1 big thing: A double dose of oil drama

Illustration: Annelise Capossela/Axios

The immediate and long-term future of oil will face intense scrutiny this week, Ben writes.

What we're watching: The COP28 summit in the United Arab Emirates, which starts Thursday.

  • The annual UN talks, held in a petro-state this year, will feature multifront battles over how fossil fuels figure in climate policy.
  • Industry execs and oil-producing nations argue robust demand calls for their skills and scale in using their products more cleanly, including carbon capture.

Yes, but: Activists and multiple countries want a clear summit endorsement of getting away from fossil fuels, not just mitigating their impact.

Meanwhile: Russia and the allied oil producers known as OPEC+ will huddle on Thursday for a delayed meeting about output levels. All eyes are on...

  • Whether OPEC+ deepens existing output cuts.
  • Whether Saudi Arabia β€” OPEC's dominant producer β€”Β extends separate cuts currently in place through December.

The big picture: Bigger or extended cuts may help shore up prices, which are roughly 13% below mid-October levels, despite recent advances.

What they're saying: The climate summit's opening could influence OPEC+ talks, RBC Capital Markets analysts said.

  • They write that OPEC members will "endeavor to maintain public displays of harmony with COP28 set to begin in Dubai on the same day."
  • RBC also sees Gulf producers looking to show unity as they call for a "lasting ceasefire" between Israel and Hamas.
  • Their "base case" prediction is extension of current cuts but no deeper pullback.

The intrigue: An International Energy Agency analysis unveiled ahead of COP28 puts fresh pressure on oil companies.

  • IEA's look at the industry's role in "net zero transitions" says the sector faces a "moment of truth" in Dubai.

State of play: It knocks the industry for putting too little into low-carbon investments while pulling in almost $3.5 trillion in average annual revenues since 2018. It also says companies have opportunities in energy transition.

  • The study warns the industry that if countries follow through on their climate pledges, oil and gas demand would fall steeply by 2050.

Quick take: The report, and IEA boss Fatih Birol's accompanying remarks, are unusually blunt.

  • IEA said the industry is currently a "marginal force" building a clean energy system.
  • And stronger commitment would mean "letting go of the illusion that implausibly large amounts of carbon capture are the solution."
  • CNN has more on IEA's brushback pitch.

The bottom line: This is an important week for oil's present and future.

2. Charted: the oil industry's slow green pivot

How much the global oil and gas industry invests in clean energy
Data: IEA; Note: Investment amount is in 2022 dollars; Table: Axios Visuals

This chart ☝️ shows that oil and gas industry "clean" energy investments have grown but remain a small slice of the sector's overall spending as of last year, Ben writes.

The big picture: The industry's spending was just 1.2% of global clean energy investment in 2022, per IEA data.

  • But here's a wild stat: Over 60% of it came from just four firms: Equinor, TotalEnergies, Shell and BP.

Yes, but: Tracking this isn't exact science.

  • Some huge companies with low-carbon investments don't disclose overall amounts, the agency notes in the report, which examines state-owned, private and public players.
  • And multiple firms see rising investments in years ahead.

The bottom line: "Clean energy progress will continue with or without oil and gas producers.
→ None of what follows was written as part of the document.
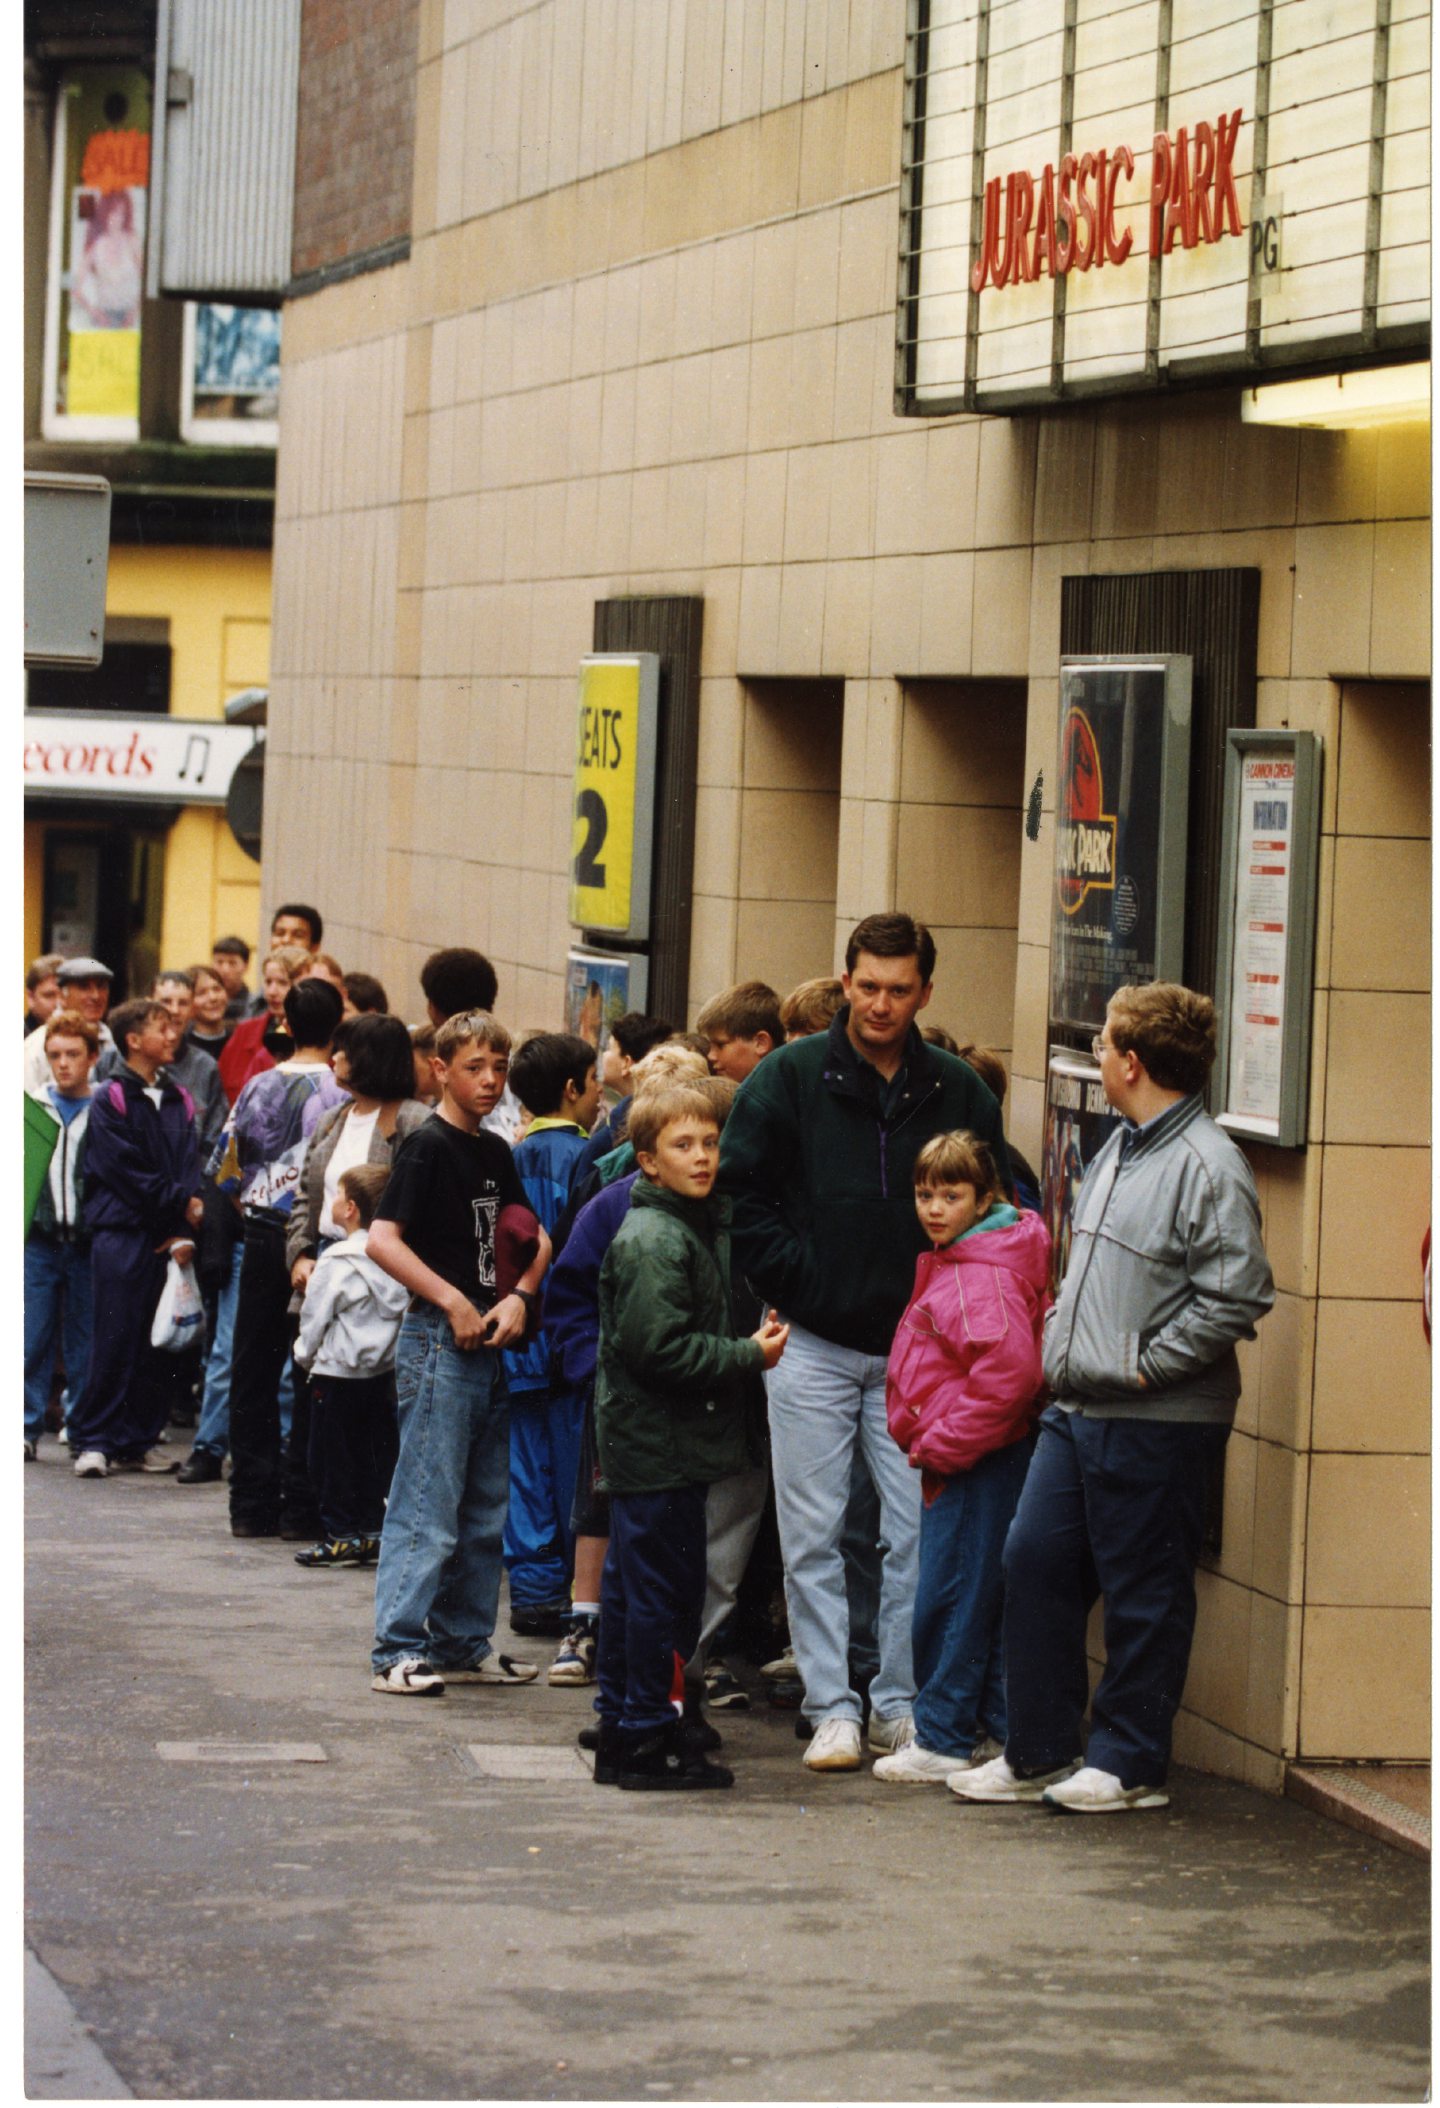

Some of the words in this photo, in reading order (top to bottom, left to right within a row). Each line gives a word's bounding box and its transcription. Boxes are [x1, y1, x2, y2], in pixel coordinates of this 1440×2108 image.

However, the journey to net zero emissions will be more costly, and harder to navigate, if the sector is not on board," IEA head Fatih Birol said.

3. President Biden may ditch COP28

Illustration: Allie Carl/Axios

President Biden is not expected to attend the opening of COP 28 this week but will send top U.S. officials to the UN climate summit in Dubai, the White House confirmed, Axios' Rebecca Falconer and Ben write.

Why it matters: Biden attended the previous two COP summits and made addressing climate change a pillar of White House policymaking.

The big picture: Senior White House aides suggested that Biden was busy dealing with matters like the Israel-Hamas war, per the New York Times, which first reported the news.

State of play: COP28 begins Thursday, and world leaders' portion will be held on Friday and Saturday.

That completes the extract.